+++ EXTRACTED MATERIAL +++

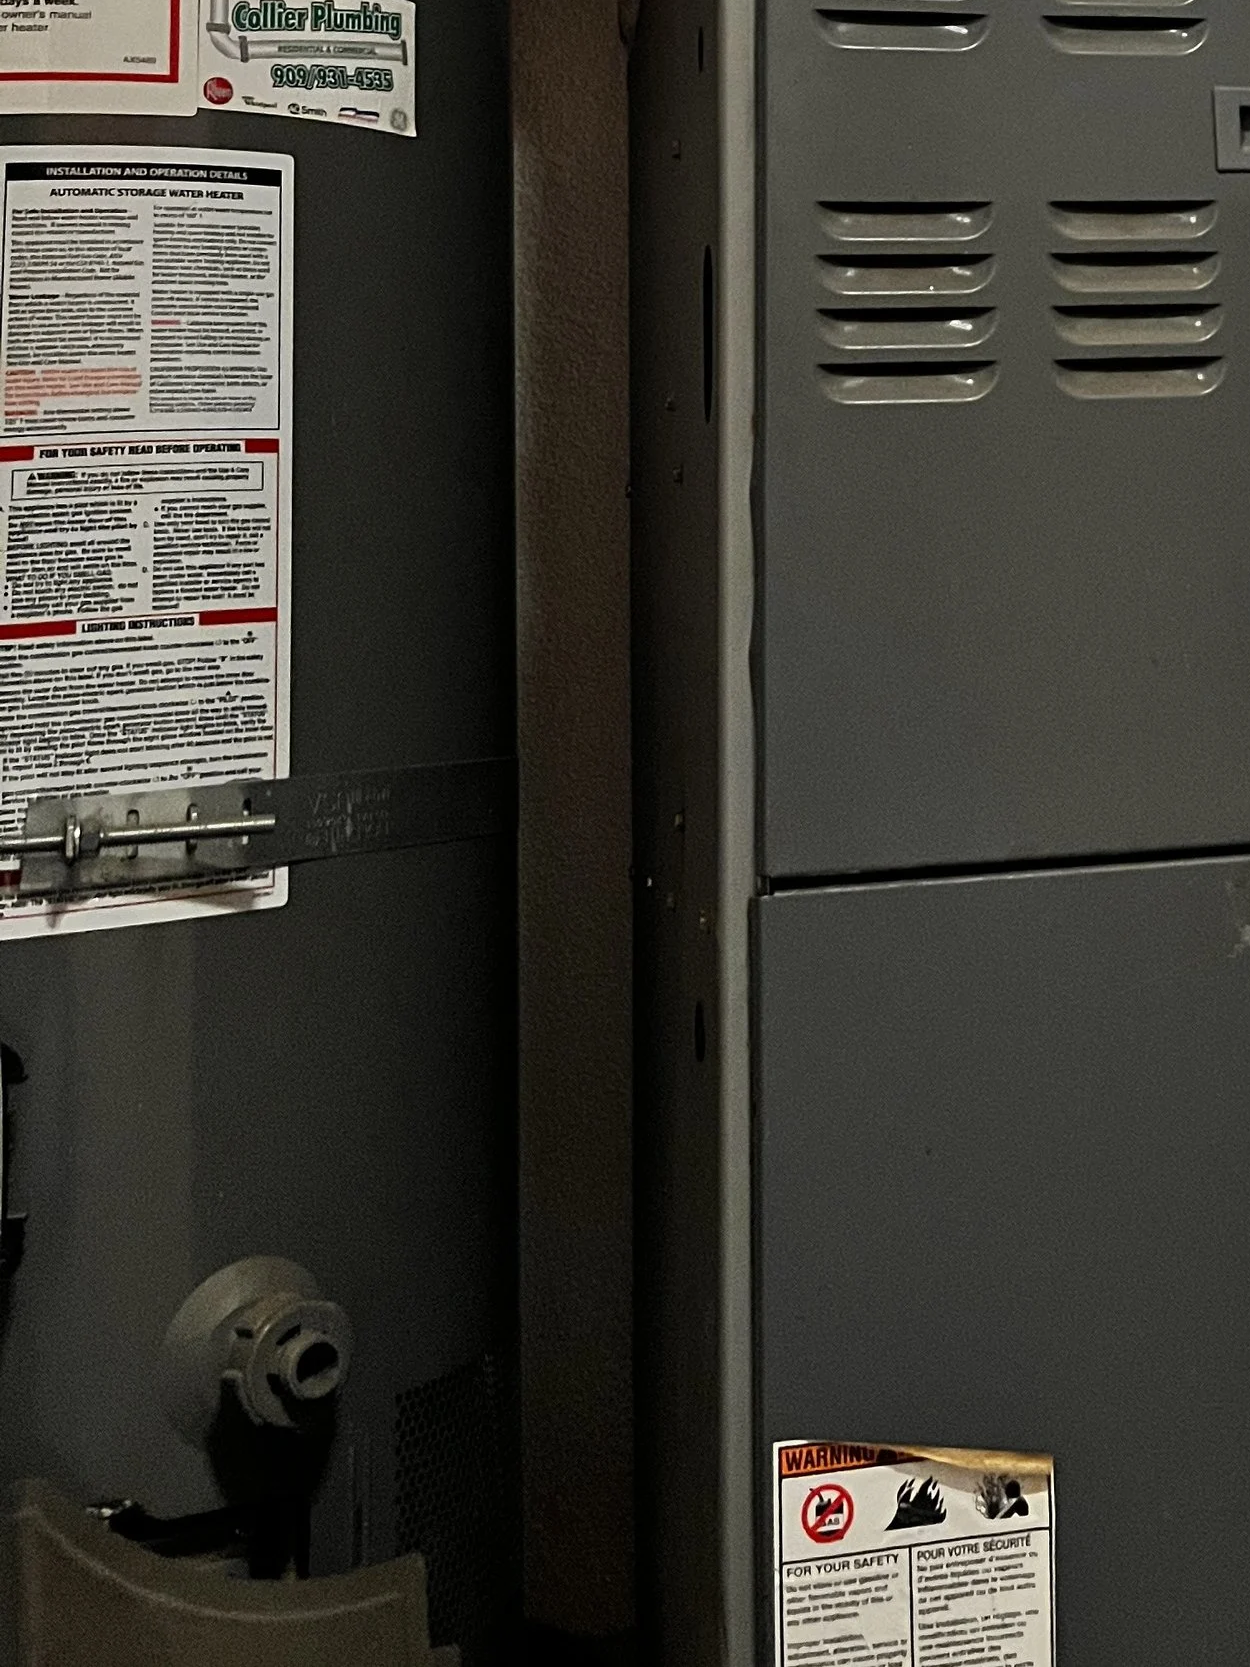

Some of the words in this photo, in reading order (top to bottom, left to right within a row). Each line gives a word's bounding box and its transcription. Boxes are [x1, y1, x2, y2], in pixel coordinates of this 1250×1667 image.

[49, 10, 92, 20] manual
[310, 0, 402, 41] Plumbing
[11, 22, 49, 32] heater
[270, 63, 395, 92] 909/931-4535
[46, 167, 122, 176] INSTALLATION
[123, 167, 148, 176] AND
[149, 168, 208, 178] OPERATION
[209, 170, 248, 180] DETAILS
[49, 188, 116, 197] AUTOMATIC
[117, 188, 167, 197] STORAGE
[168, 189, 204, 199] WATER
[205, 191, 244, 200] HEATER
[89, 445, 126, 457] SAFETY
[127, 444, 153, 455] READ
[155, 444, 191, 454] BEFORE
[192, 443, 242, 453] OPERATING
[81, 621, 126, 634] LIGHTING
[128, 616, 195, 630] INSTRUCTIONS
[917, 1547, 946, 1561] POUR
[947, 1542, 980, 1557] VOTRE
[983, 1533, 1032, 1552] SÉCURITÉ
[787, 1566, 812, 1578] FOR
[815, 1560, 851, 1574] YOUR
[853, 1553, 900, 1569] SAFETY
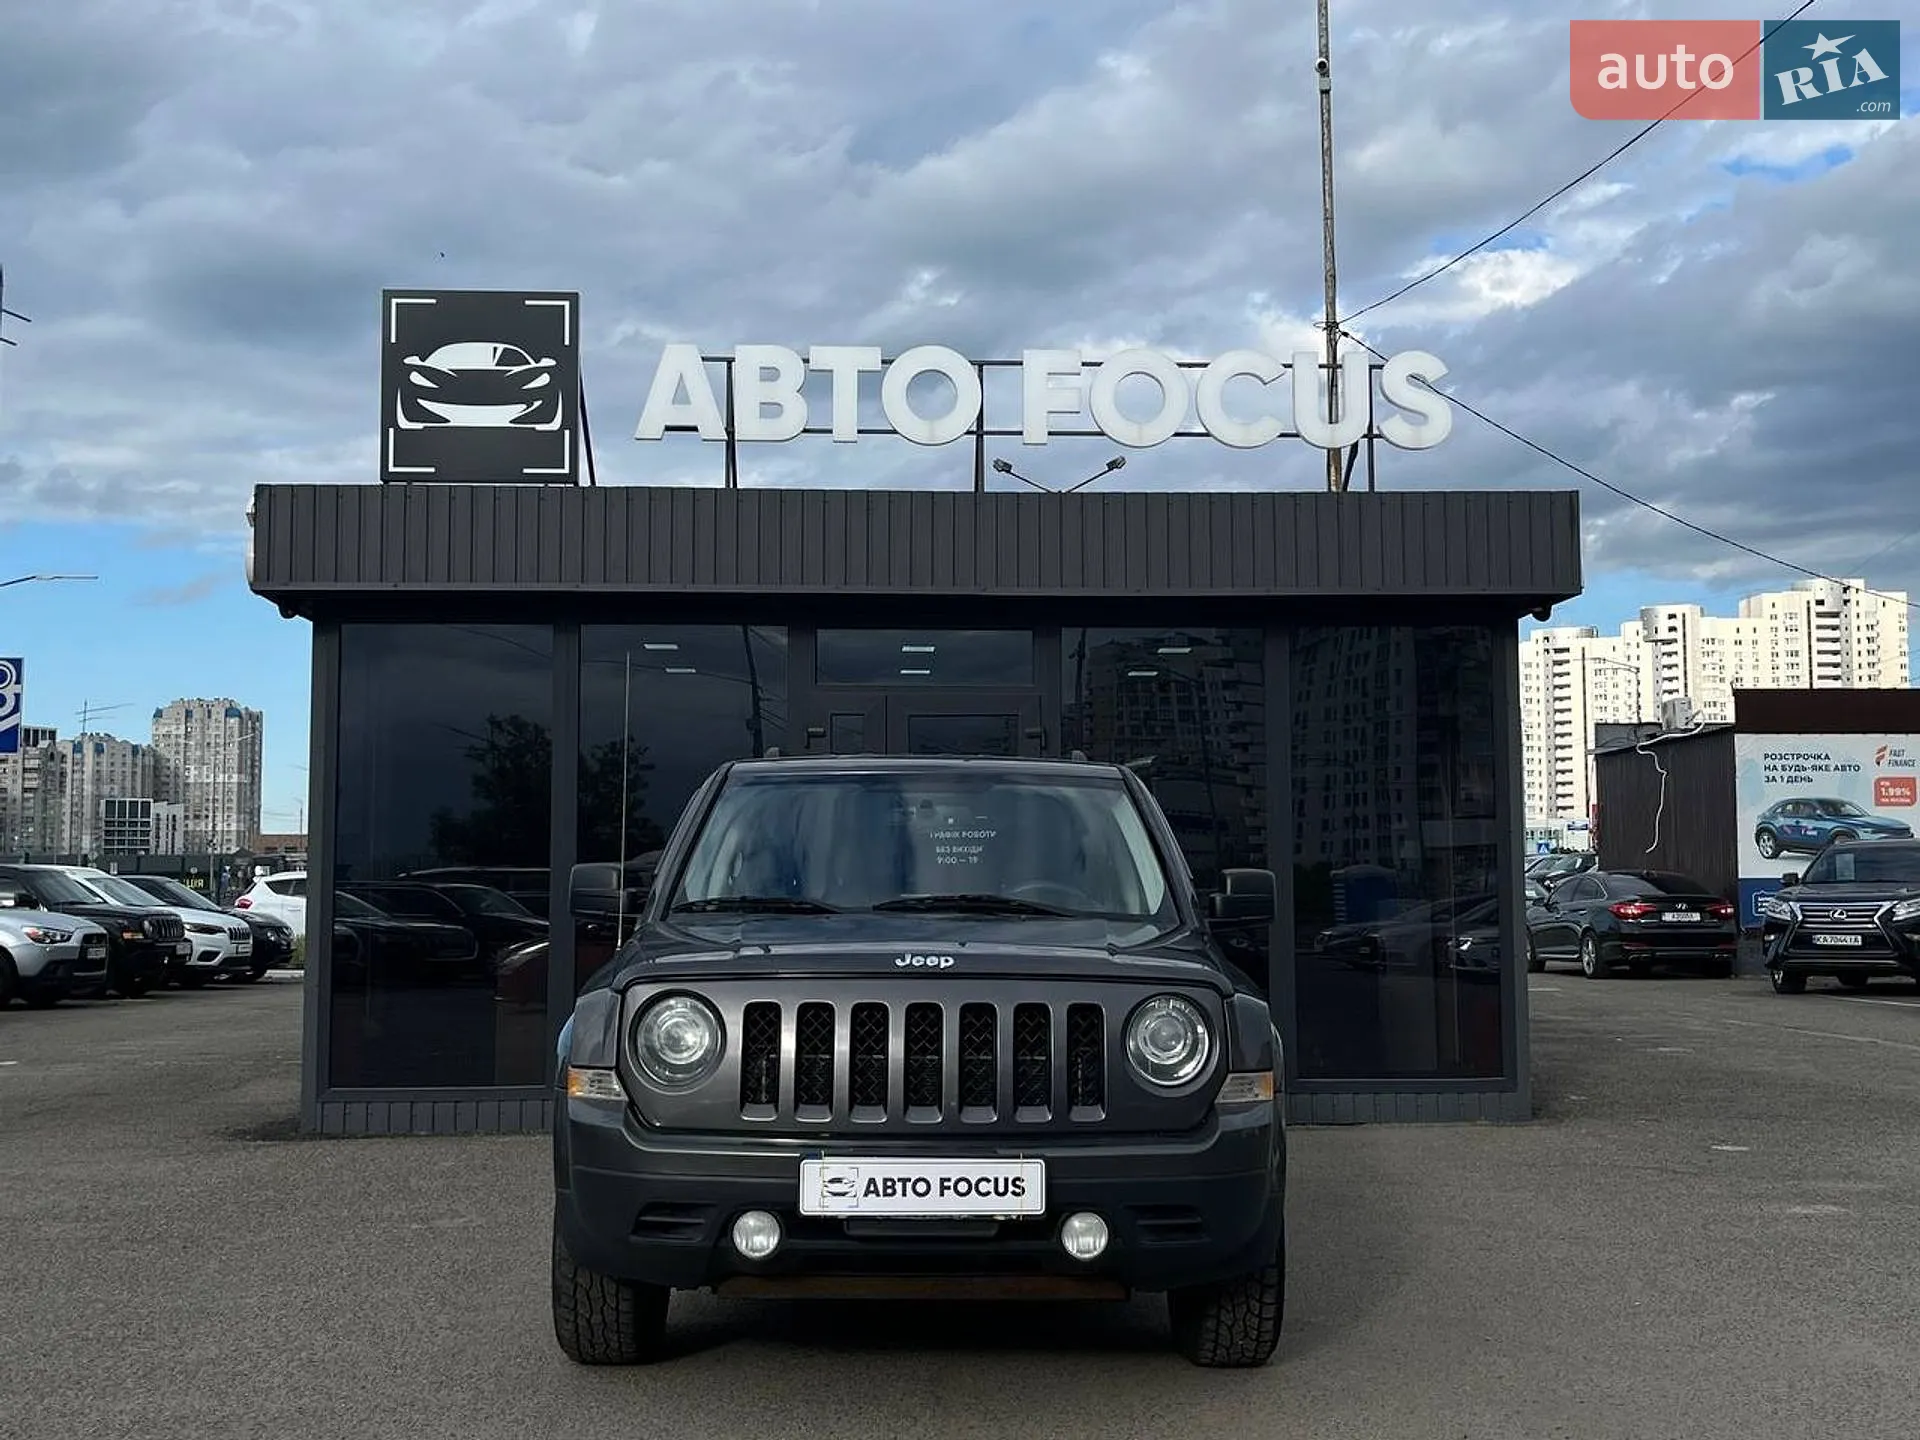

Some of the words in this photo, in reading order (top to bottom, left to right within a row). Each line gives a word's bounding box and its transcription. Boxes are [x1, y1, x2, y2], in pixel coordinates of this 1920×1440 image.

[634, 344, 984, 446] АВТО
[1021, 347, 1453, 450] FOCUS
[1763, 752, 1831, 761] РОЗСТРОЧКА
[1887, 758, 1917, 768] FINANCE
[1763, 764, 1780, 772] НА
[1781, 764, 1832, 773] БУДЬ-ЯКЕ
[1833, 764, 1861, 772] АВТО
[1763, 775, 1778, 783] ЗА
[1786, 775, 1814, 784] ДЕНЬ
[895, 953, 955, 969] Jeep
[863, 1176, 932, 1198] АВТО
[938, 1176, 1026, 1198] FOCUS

+++

• [GOAL OF THE EXERCISE]
Skip the pictures, then return the rest of the data exactly.

• [COMPLETED EXERCISE]
Some of the words in this photo, in reading order (top to bottom, left to right within a row). Each line gives a word's bounding box and its transcription. Boxes are [x1, y1, x2, y2], in pixel coordinates of this 1250×1667 image.

[49, 10, 92, 20] manual
[310, 0, 402, 41] Plumbing
[11, 22, 49, 32] heater
[270, 63, 395, 92] 909/931-4535
[46, 167, 122, 176] INSTALLATION
[123, 167, 148, 176] AND
[149, 168, 208, 178] OPERATION
[209, 170, 248, 180] DETAILS
[49, 188, 116, 197] AUTOMATIC
[117, 188, 167, 197] STORAGE
[168, 189, 204, 199] WATER
[205, 191, 244, 200] HEATER
[89, 445, 126, 457] SAFETY
[127, 444, 153, 455] READ
[155, 444, 191, 454] BEFORE
[192, 443, 242, 453] OPERATING
[81, 621, 126, 634] LIGHTING
[128, 616, 195, 630] INSTRUCTIONS
[917, 1547, 946, 1561] POUR
[947, 1542, 980, 1557] VOTRE
[983, 1533, 1032, 1552] SÉCURITÉ
[787, 1566, 812, 1578] FOR
[815, 1560, 851, 1574] YOUR
[853, 1553, 900, 1569] SAFETY

Some of the words in this photo, in reading order (top to bottom, left to right within a row). Each line gives a word's bounding box and its transcription. Boxes are [x1, y1, x2, y2], in pixel coordinates of this 1920×1440 image.

[634, 344, 984, 446] АВТО
[1021, 347, 1453, 450] FOCUS
[1763, 752, 1831, 761] РОЗСТРОЧКА
[1887, 758, 1917, 768] FINANCE
[1763, 764, 1780, 772] НА
[1781, 764, 1832, 773] БУДЬ-ЯКЕ
[1833, 764, 1861, 772] АВТО
[1763, 775, 1778, 783] ЗА
[1786, 775, 1814, 784] ДЕНЬ
[895, 953, 955, 969] Jeep
[863, 1176, 932, 1198] АВТО
[938, 1176, 1026, 1198] FOCUS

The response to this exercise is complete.